### Provided records
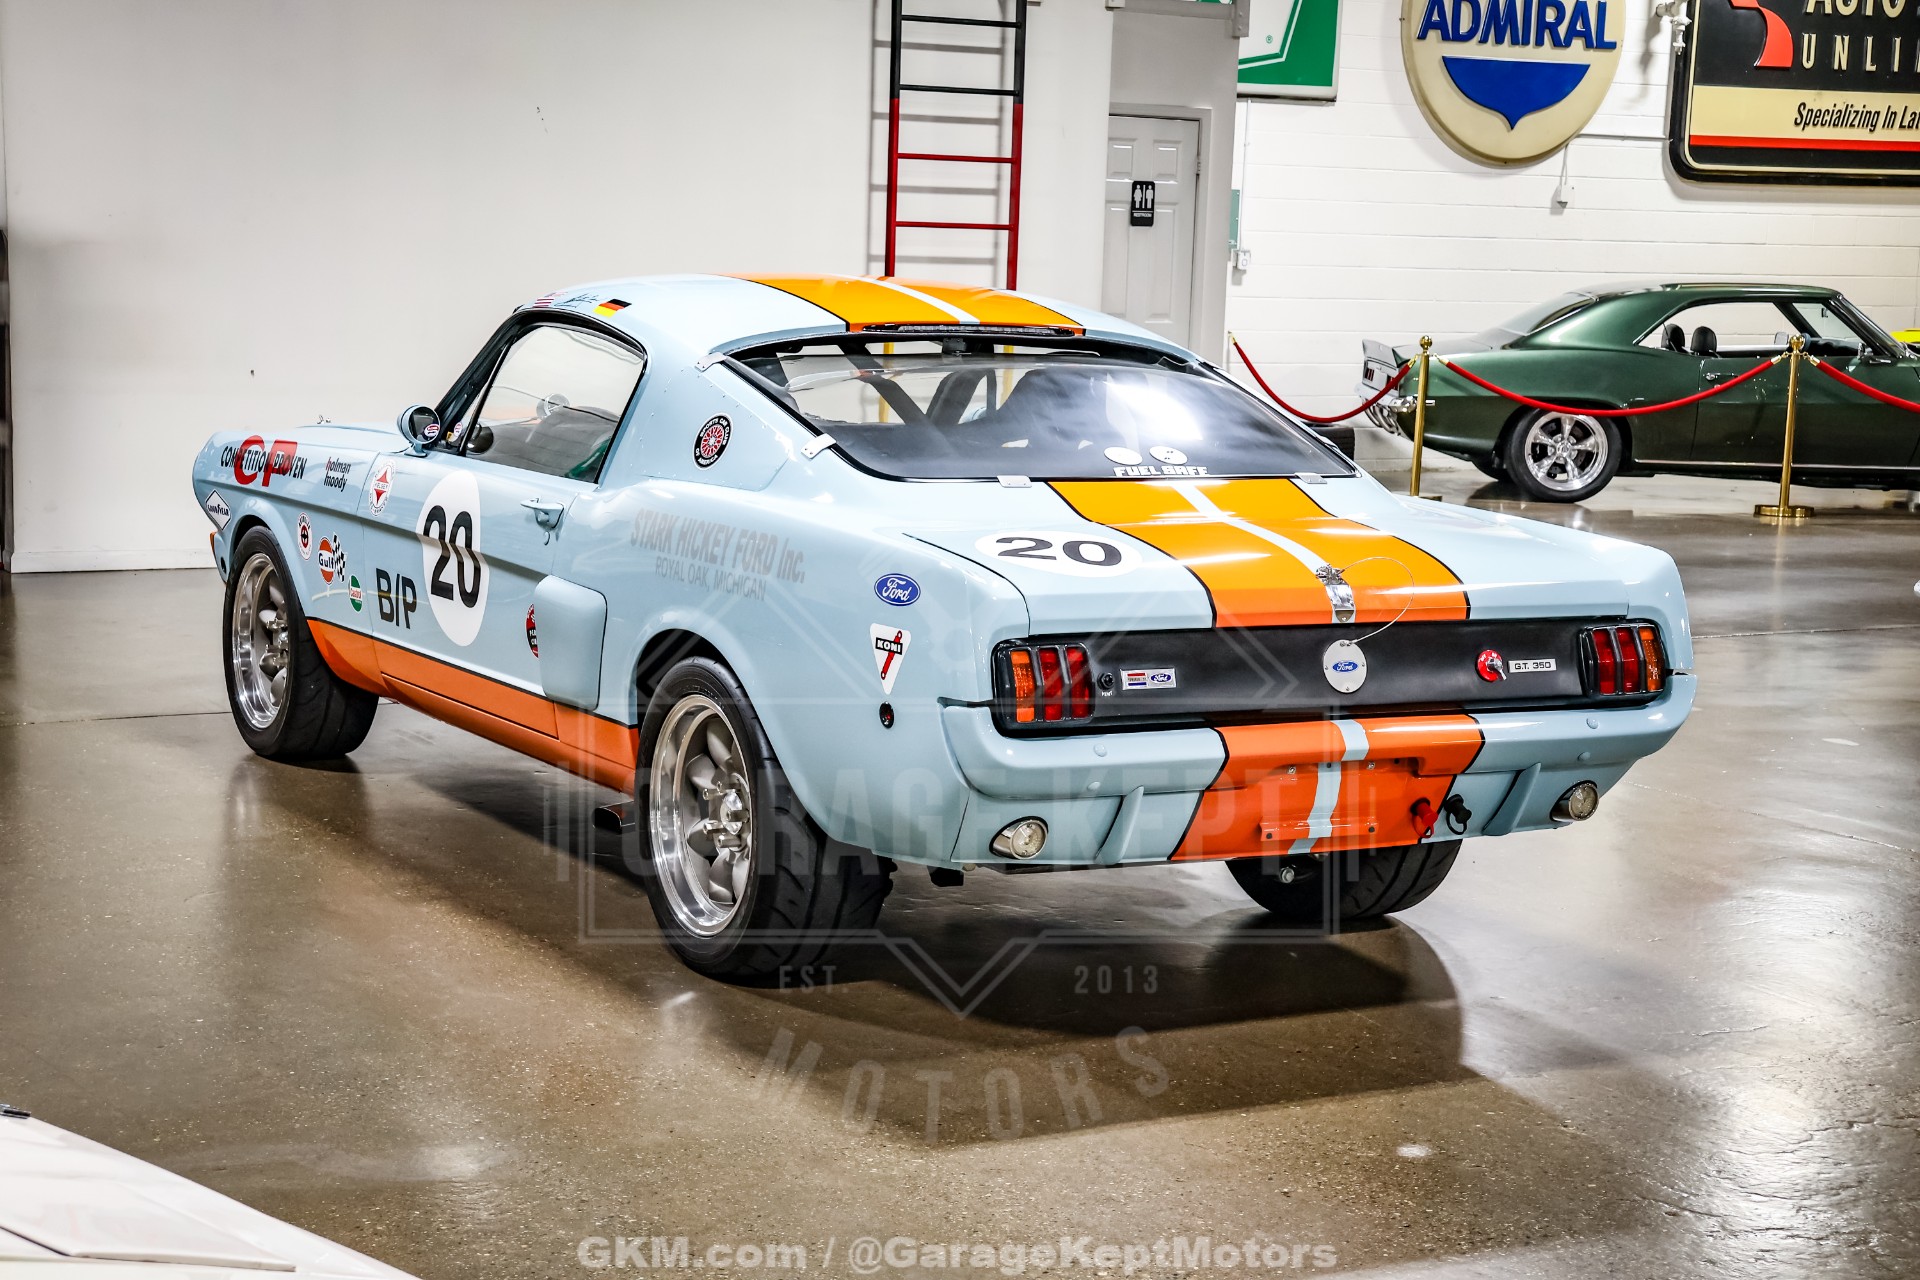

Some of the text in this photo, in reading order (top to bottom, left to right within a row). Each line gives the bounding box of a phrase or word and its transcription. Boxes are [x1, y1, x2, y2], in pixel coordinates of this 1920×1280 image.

[1416, 0, 1618, 50] ADMIRAL
[1802, 32, 1920, 74] UNLI
[1794, 102, 1881, 133] Specializing
[1881, 105, 1898, 130] In
[220, 445, 308, 480] COMPETITION PROVEN
[325, 456, 352, 475] holman
[1113, 465, 1161, 477] FUEL
[423, 504, 482, 609] 20
[630, 508, 806, 584] STARK HICKEY FORD Inc.
[995, 536, 1123, 567] 20
[318, 552, 337, 570] Gulf
[655, 556, 685, 583] ROYAL
[713, 569, 767, 601] MICHIGAN
[882, 577, 912, 602] Ford
[876, 639, 902, 654] KONI
[1152, 673, 1169, 683] Ford
[1336, 660, 1354, 672] Ford
[1532, 661, 1552, 669] 350
######
What you need to do: Omit every picture, then write out the entries above exactly.

Task result:
Some of the text in this photo, in reading order (top to bottom, left to right within a row). Each line gives the bounding box of a phrase or word and its transcription. Boxes are [x1, y1, x2, y2], in pixel coordinates of this 1920×1280 image.

[1416, 0, 1618, 50] ADMIRAL
[1802, 32, 1920, 74] UNLI
[1794, 102, 1881, 133] Specializing
[1881, 105, 1898, 130] In
[220, 445, 308, 480] COMPETITION PROVEN
[325, 456, 352, 475] holman
[1113, 465, 1161, 477] FUEL
[423, 504, 482, 609] 20
[630, 508, 806, 584] STARK HICKEY FORD Inc.
[995, 536, 1123, 567] 20
[318, 552, 337, 570] Gulf
[655, 556, 685, 583] ROYAL
[713, 569, 767, 601] MICHIGAN
[882, 577, 912, 602] Ford
[876, 639, 902, 654] KONI
[1152, 673, 1169, 683] Ford
[1336, 660, 1354, 672] Ford
[1532, 661, 1552, 669] 350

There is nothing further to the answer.